== PROVIDED MATERIAL
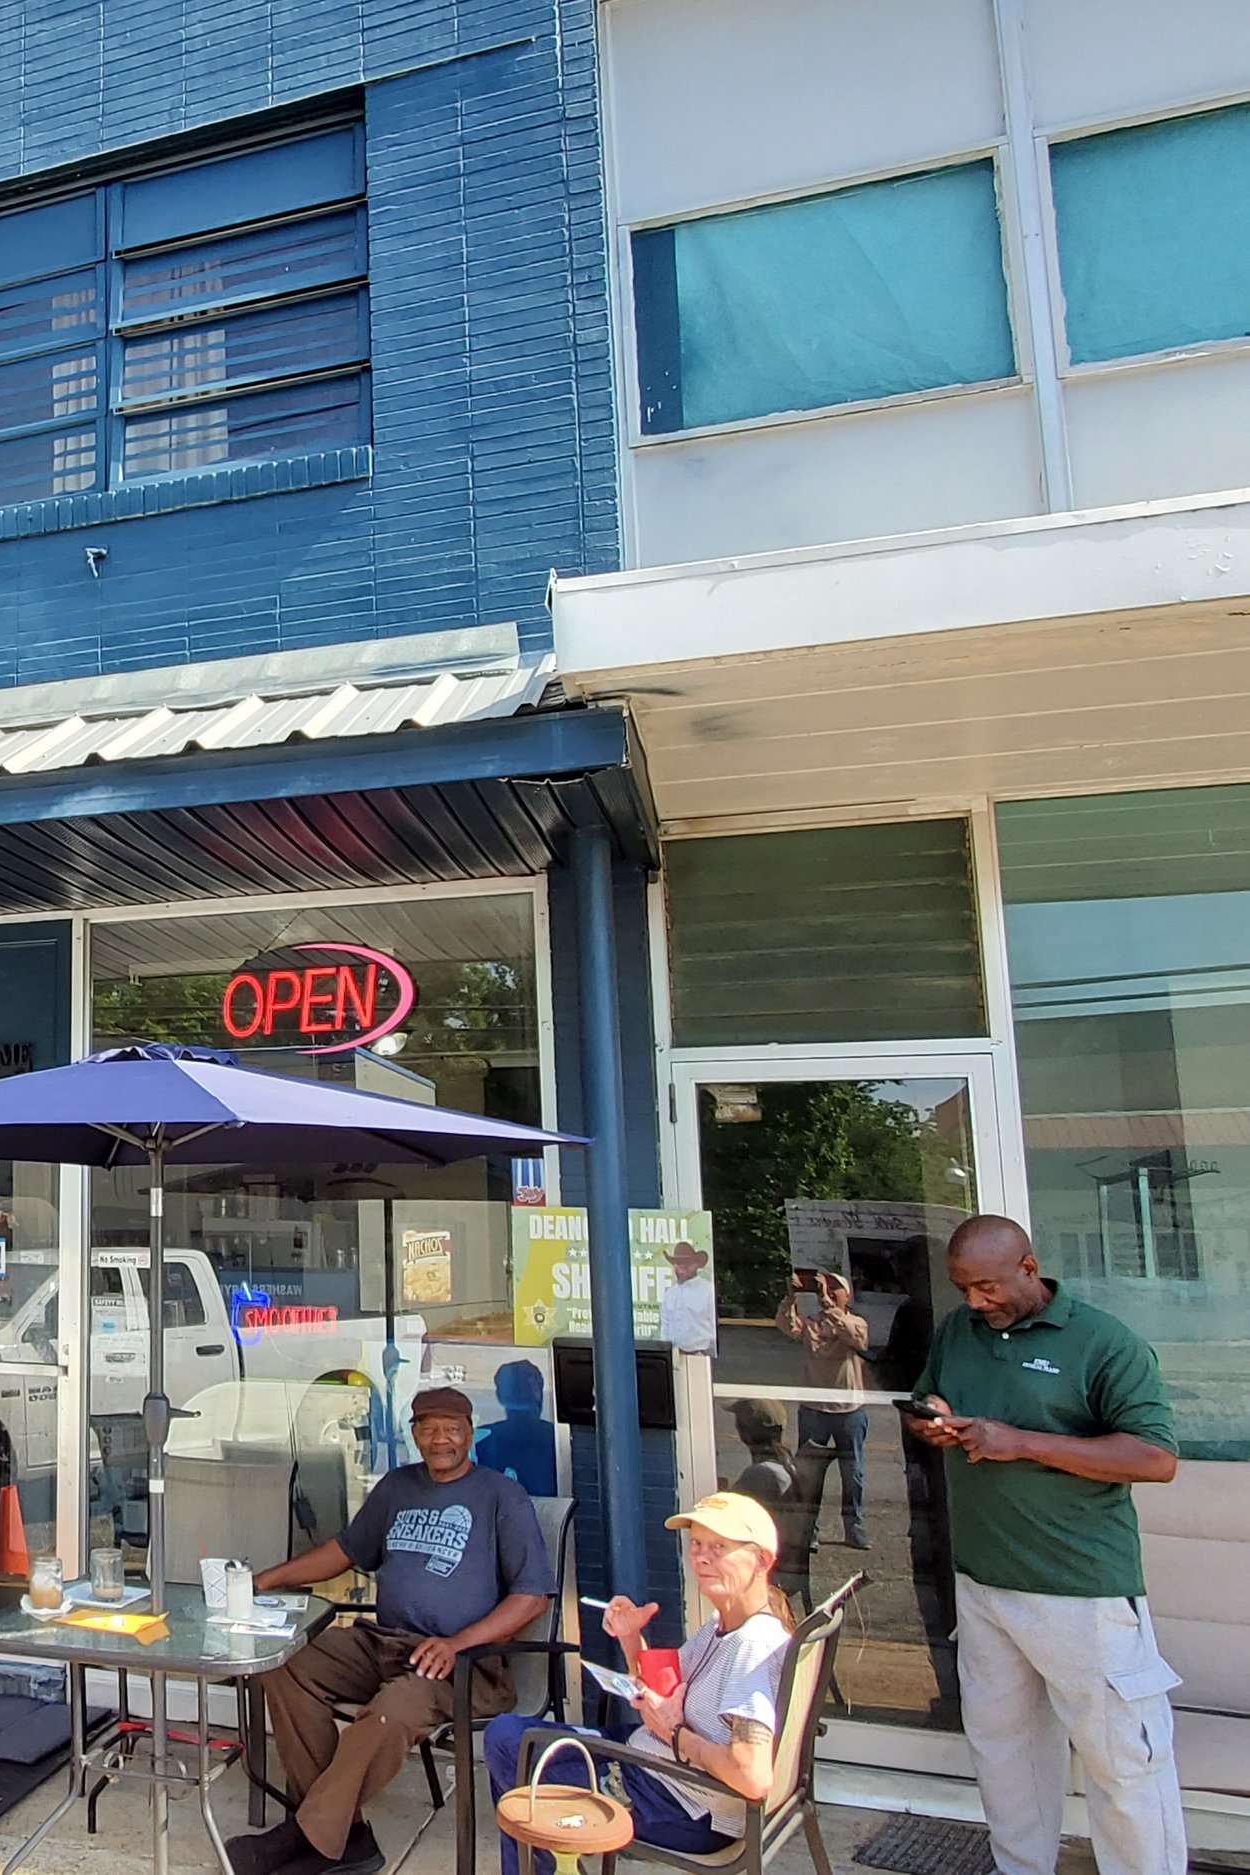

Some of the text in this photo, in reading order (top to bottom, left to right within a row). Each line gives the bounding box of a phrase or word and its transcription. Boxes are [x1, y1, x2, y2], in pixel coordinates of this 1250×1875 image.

[223, 963, 378, 1038] OPEN
[639, 1217, 693, 1245] HALL
[99, 1255, 136, 1266] No Smoking
[407, 1236, 445, 1264] NACHOS
[244, 1305, 339, 1335] SMOOTHIES
[396, 1509, 440, 1526] SUITS &
[386, 1521, 469, 1550] SNEAKERS
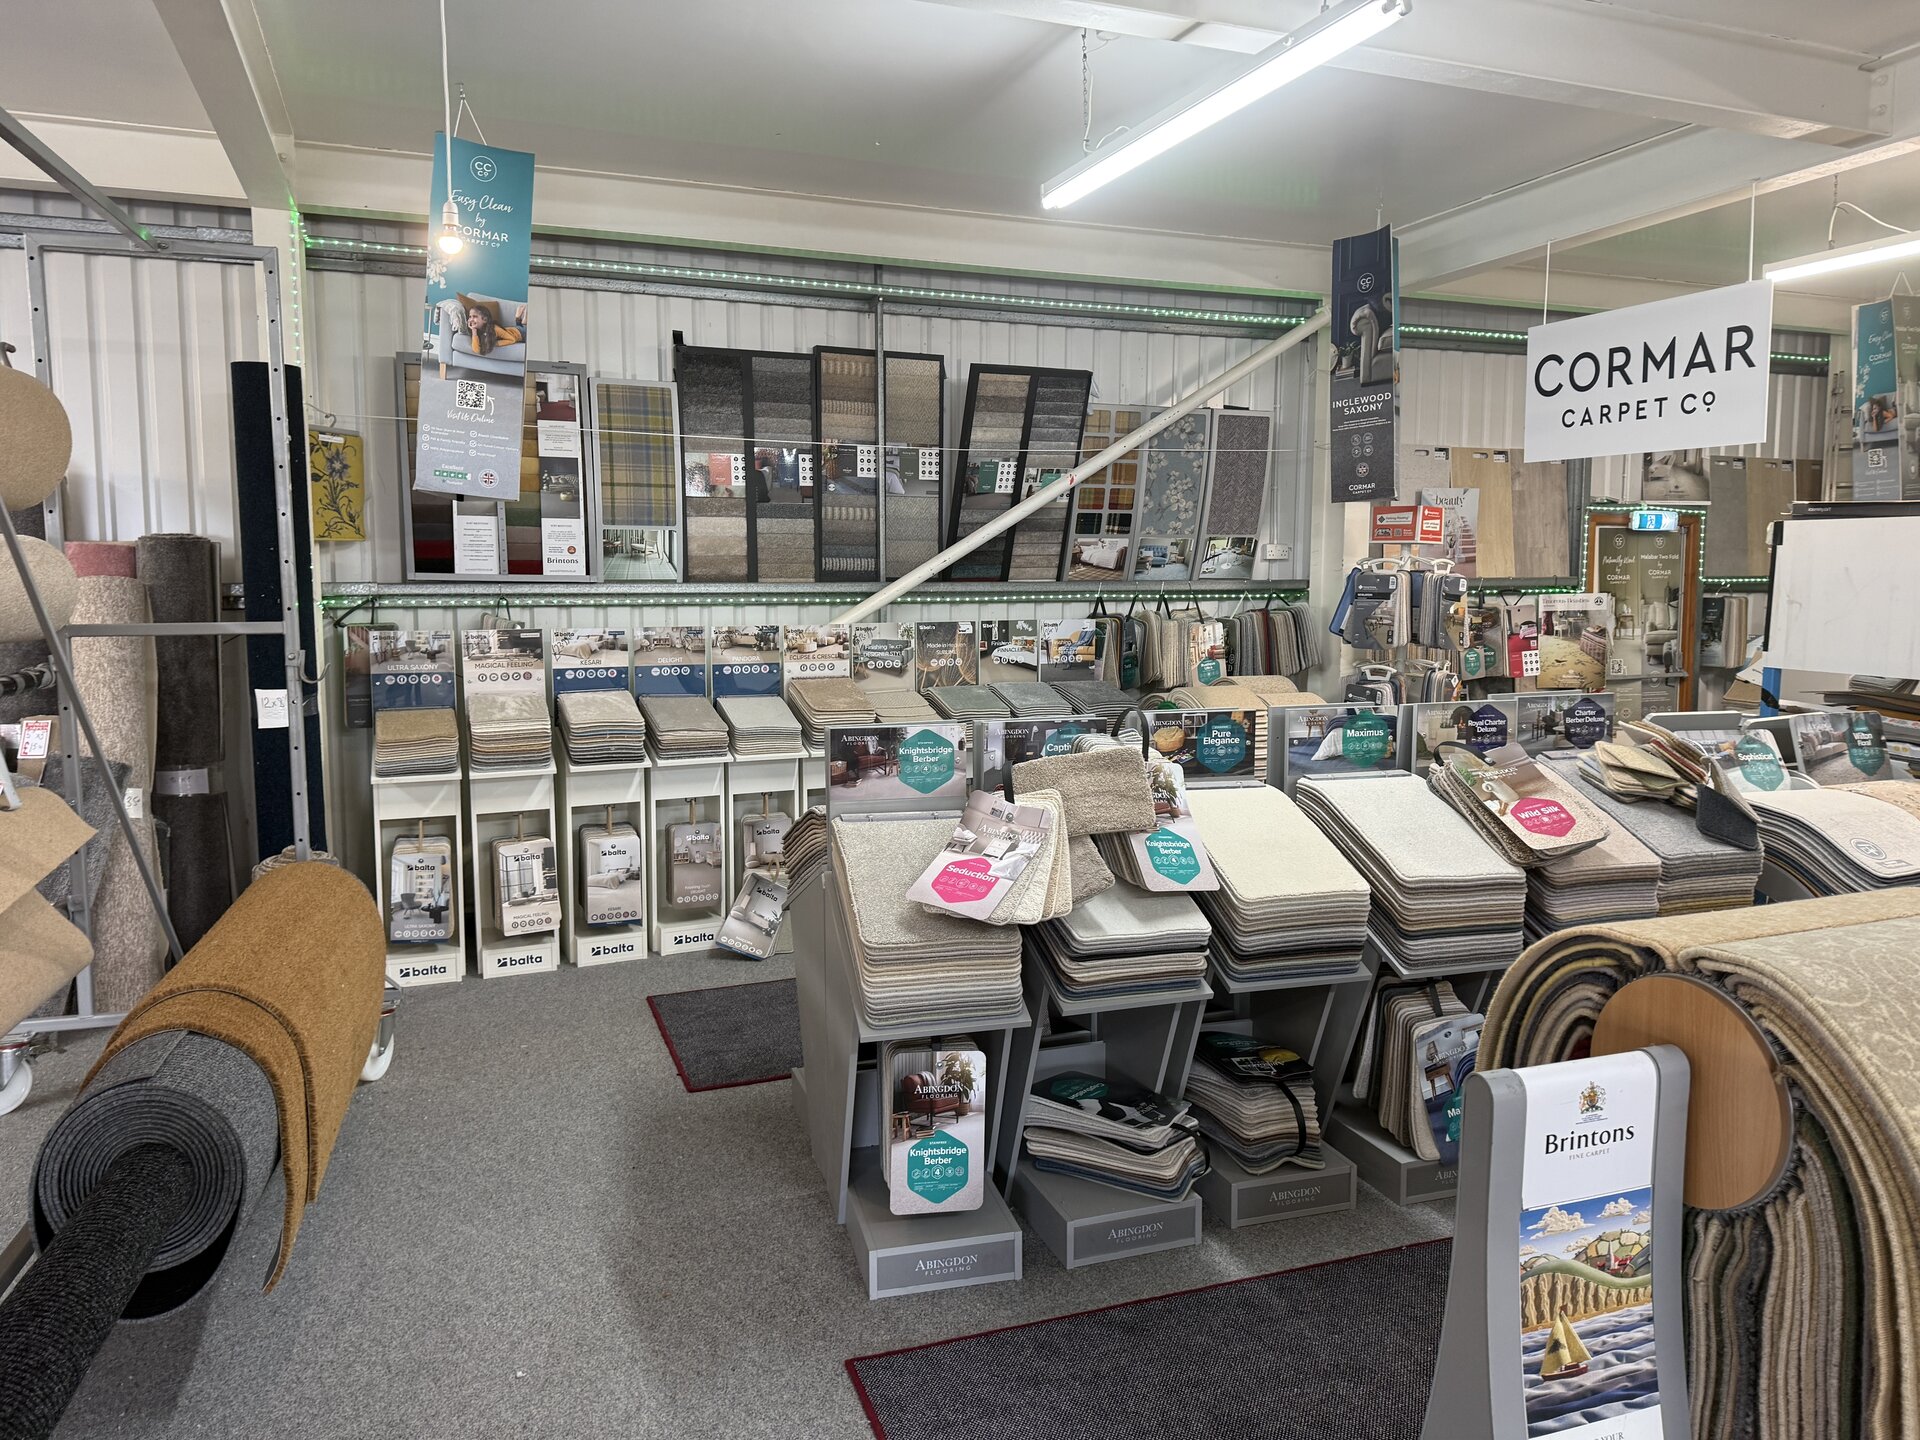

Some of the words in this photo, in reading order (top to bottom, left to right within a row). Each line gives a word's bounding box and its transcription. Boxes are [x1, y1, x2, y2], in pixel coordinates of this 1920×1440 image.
====
EXERCISE> Could you retype the records above exactly, omitting the pictures?

REPLY>
Some of the text in this photo, in reading order (top to bottom, left to right within a row). Each line gives the bounding box of a phrase or word and its transcription. Boxes are [x1, y1, x2, y2], in pixel coordinates of this 1250×1875 image.

[223, 963, 378, 1038] OPEN
[639, 1217, 693, 1245] HALL
[99, 1255, 136, 1266] No Smoking
[407, 1236, 445, 1264] NACHOS
[244, 1305, 339, 1335] SMOOTHIES
[396, 1509, 440, 1526] SUITS &
[386, 1521, 469, 1550] SNEAKERS

Some of the words in this photo, in reading order (top to bottom, left to right within a row). Each line gives a word's bounding box and its transcription. Boxes are [x1, y1, x2, y2], in pixel coordinates of this 1920×1440 image.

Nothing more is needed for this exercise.